How Can Something Lifeless Cause So Much Trouble?
by John Lawrence, March30, 2020
So it isn't clear whether or not the coronavirus is alive or dead. There are differing definitions of life. But regardless, it is well known that chemicals react with each other. There are the well known chemical compounds, carbon dioxide and H2O. The chemicals involved in a virus are much more complicated organic compounds, but, nevertheless, they are all things that react with or are attracted to each other. The building blocks of life, DNA, are all made up of things that react with each other to create very complex chemical compounds. We might assume that all that is needed for life to form are these chemical reactions.
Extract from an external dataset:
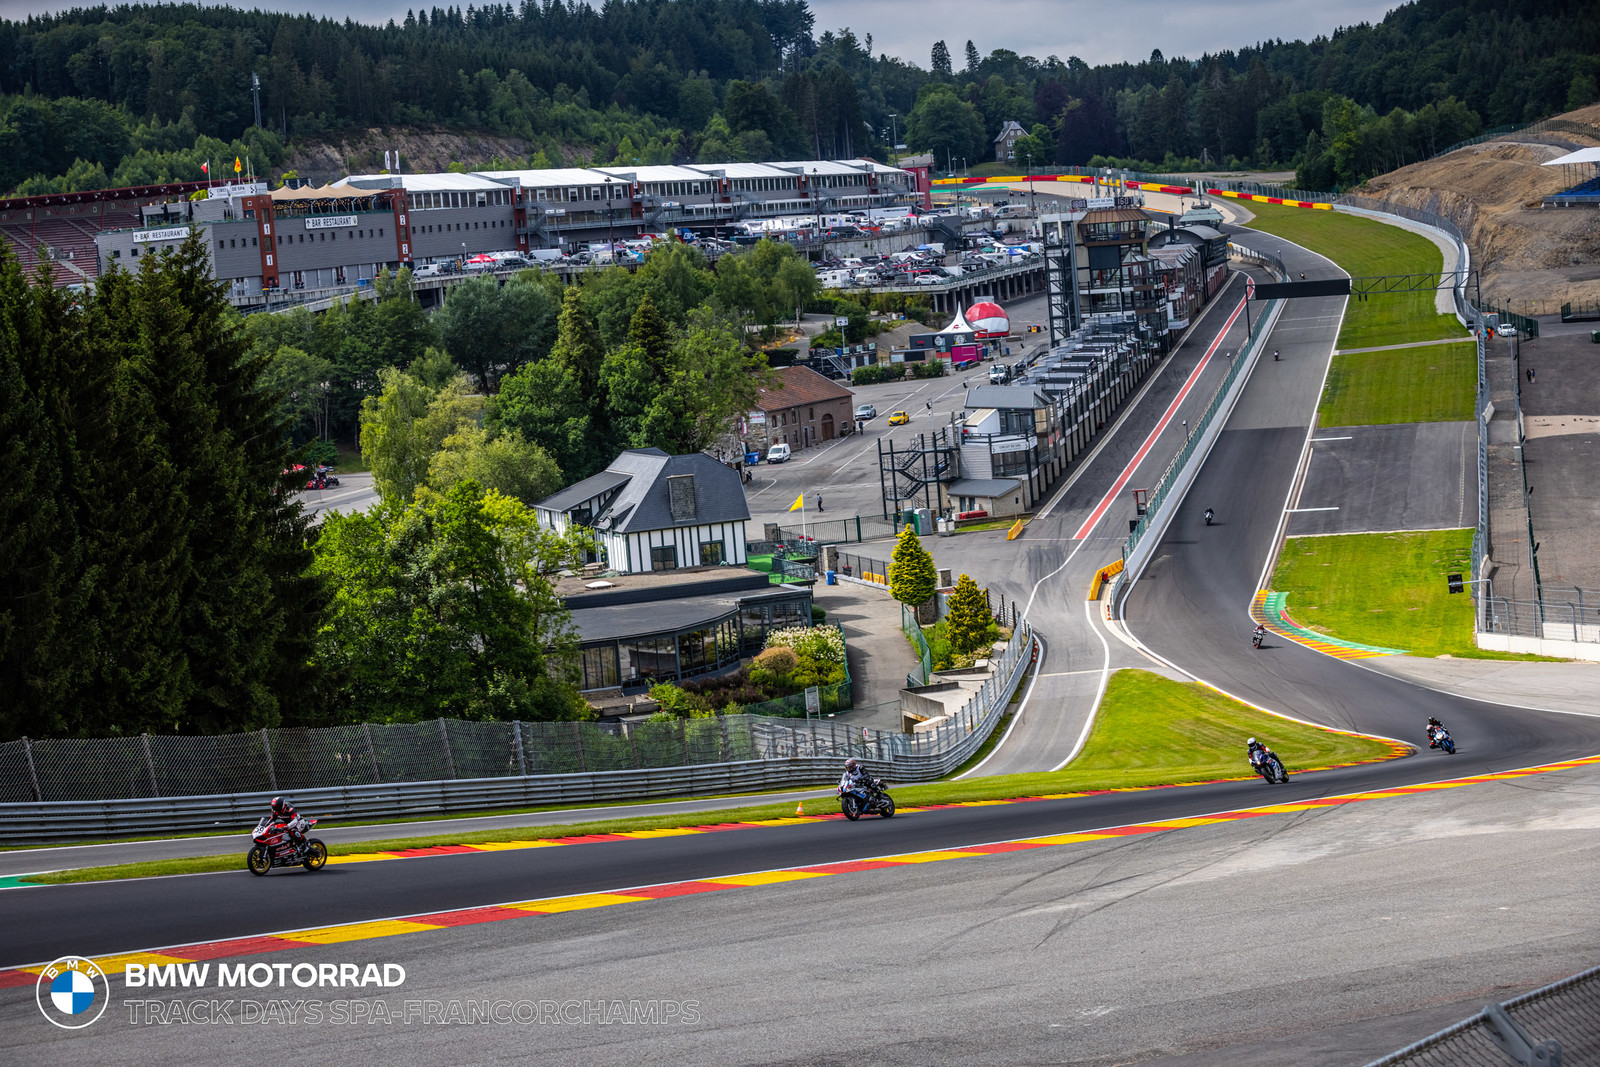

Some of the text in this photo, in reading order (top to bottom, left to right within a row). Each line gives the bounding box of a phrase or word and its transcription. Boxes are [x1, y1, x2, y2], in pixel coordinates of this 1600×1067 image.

[311, 216, 351, 227] BAR RESTAURANT
[152, 230, 183, 238] RESTAURANT
But still there is something missing even when all the chemicals are present in the right combinations - some kind of spark that would turn a non living compound into a living compound. A virus like the coronavirus is a very simple form of life consisting of a single strand of RNA wrapped in a protein "envelope." So how can such a simple thing which, depending on your definition of life, is either alive or dead wreak so much havoc?
My theory is that it can't be explained by chemical reaction or attraction. There must be something else going on. There seems to be some intentionality to the virus. It knows enough to invade human or animal cells and use their material to make copies of itself. It is self-replicating using the host's contents in a parasitic manner. Just like many life forms, a virus wants to make copies of itself similar to what animals and humans want to do. This is one of the characteristics of life. Parasites invade hosts and use the host to further their own interests, and one of their interests seems to always be to expand their number. So maybe the definition of life has to do with intentionality and reproduction.
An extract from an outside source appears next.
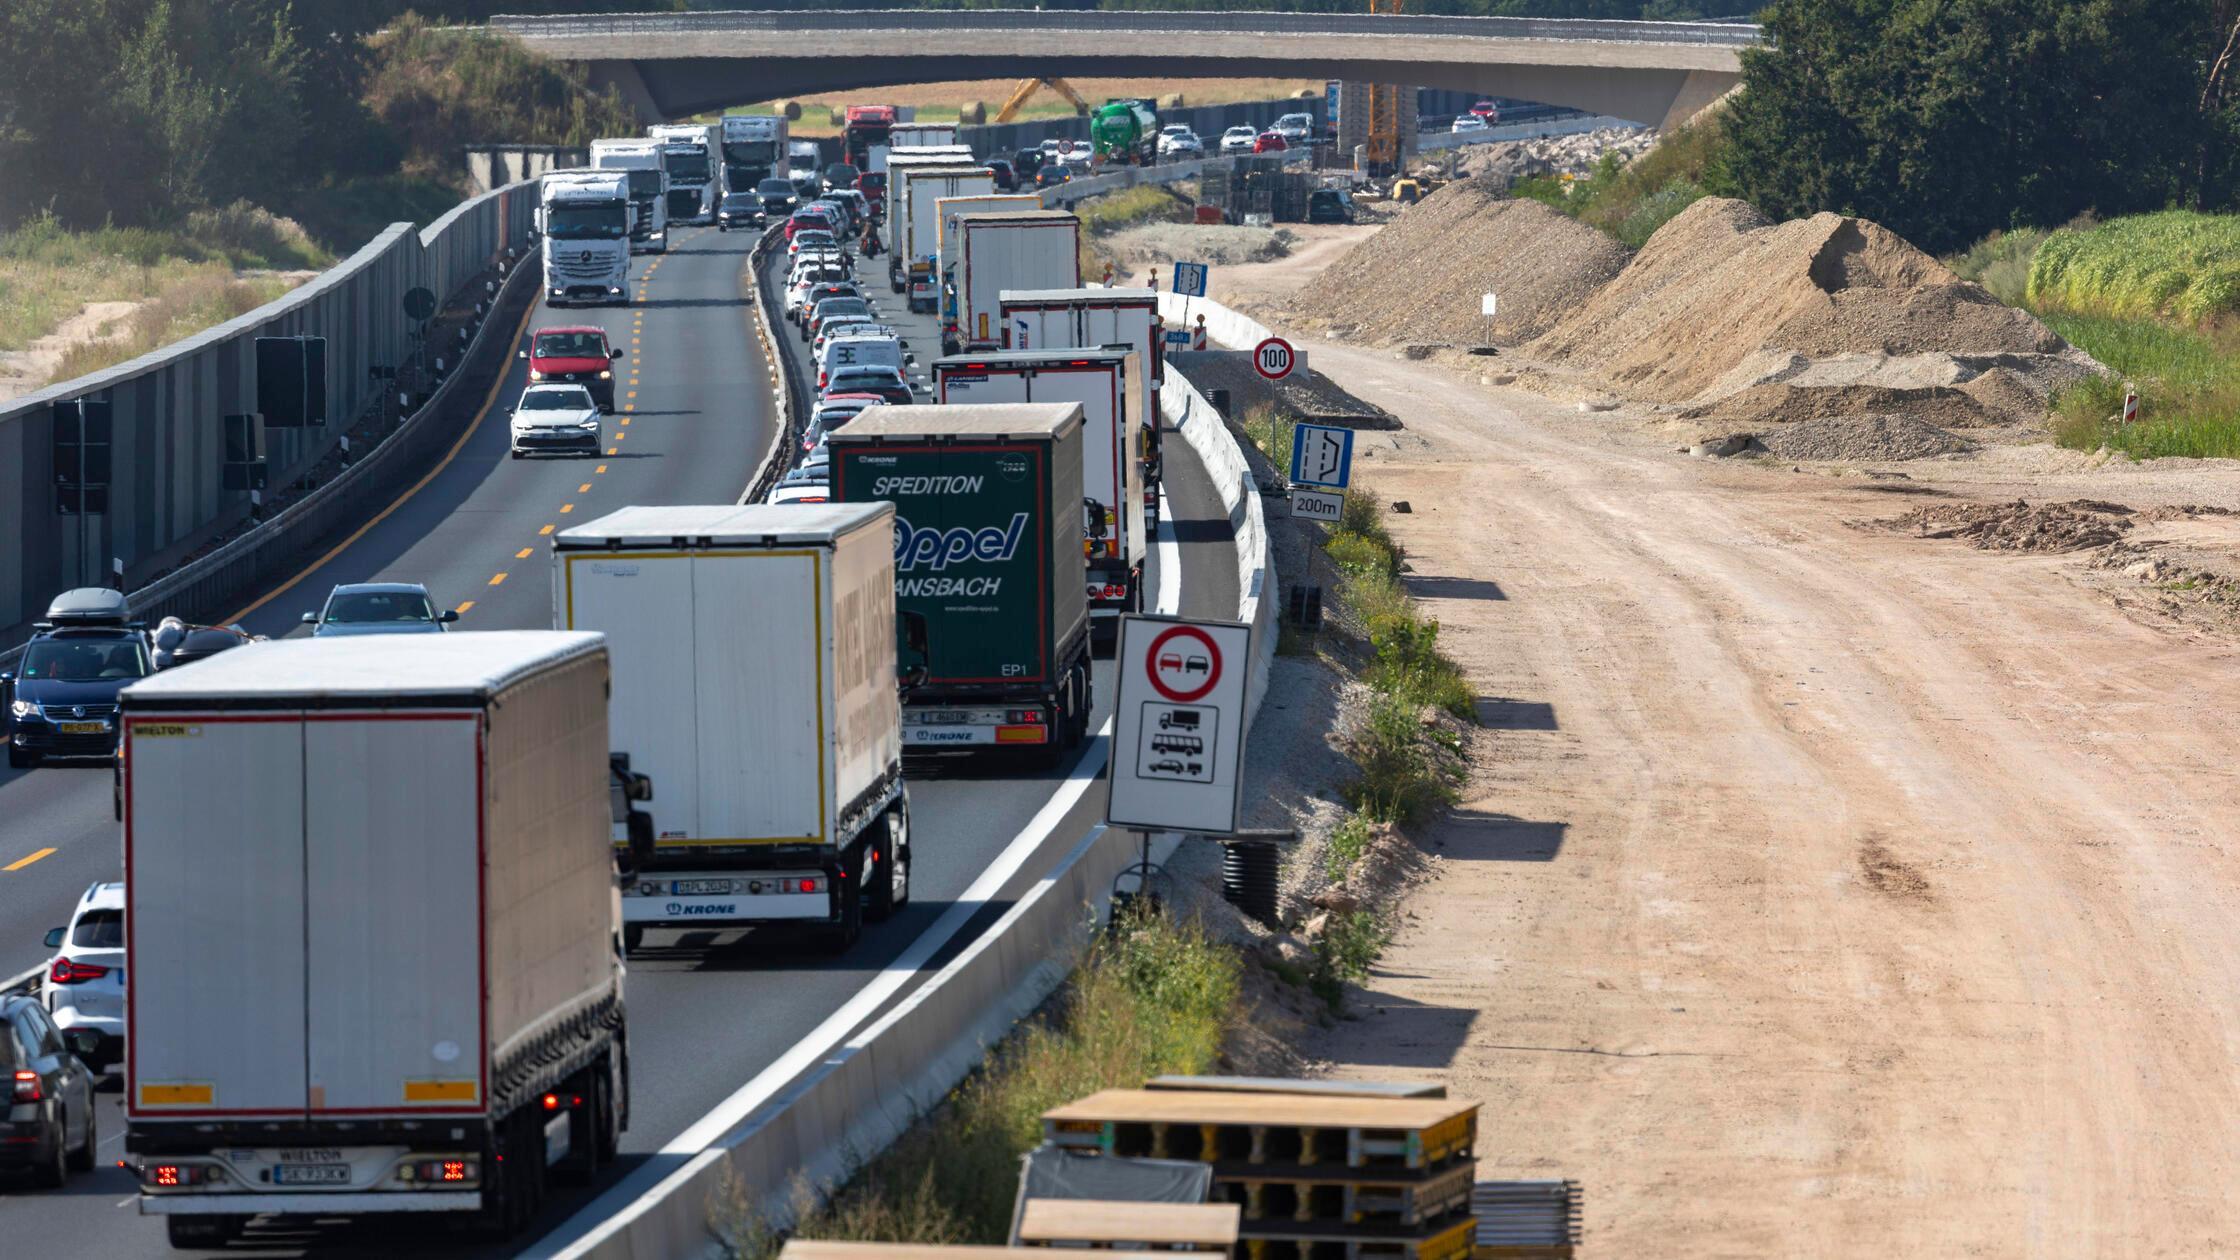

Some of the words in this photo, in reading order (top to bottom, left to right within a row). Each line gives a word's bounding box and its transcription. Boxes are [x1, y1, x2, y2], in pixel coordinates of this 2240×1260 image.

It certainly has to do with evolution. Darwin explained evolution, but it may not only have to do with random mutation and natural selection. Random mutation is one thing, but maybe there can be intentionality as well. Consider hairlessness. It could be just sexual selection that less hairy apes were considered more sexually attractive so that eventually hairier apes died out as the more hairless ones reproduced. Or maybe subconsciously apes came to desire less hairy mates, and that subconscious intention caused a genetic change which determined the hairlessness of their offspring. Or it could be a combination. The same process could be true insofar as standing upright. Apes can do it, but it's not as comfortable as being on all fours due to the bone configuration in their hips. Maybe a desire or intention to not be on all fours led to a genetic change in the configuration of their hips. Eventually that's what had to happen so that standing upright is more natural for human beings than being on all fours.
Russian scientists have domesticated foxes after natural selection of the more docile ones over a number of generations. They've also done the same thing with wolves, but they found that as non-aggressive as these wolves are with humans, they are still not able to bond with human beings the way dogs do. They think that's because docile wolves are still not genetically identical to dogs even though dogs evolved from wolves. Perhaps the docility of non-aggressive wolves led eventually to the genetic changes that created dogs who are both docile and capable of bonding.
What this boils down to is that scientists still don't really understand what life is and what evolution is, what forces lead to the origination of life, whether or not those forces are ubiquitous in the universe or not. Just as human beings were potentially part of the universe even before they existed in it, maybe the universe has this potential everywhere under the right conditions. Maybe it is part and parcel of the universe rather than something added to the universe. If so, then we would expect that there would be life in many places in the universe in addition to planet earth.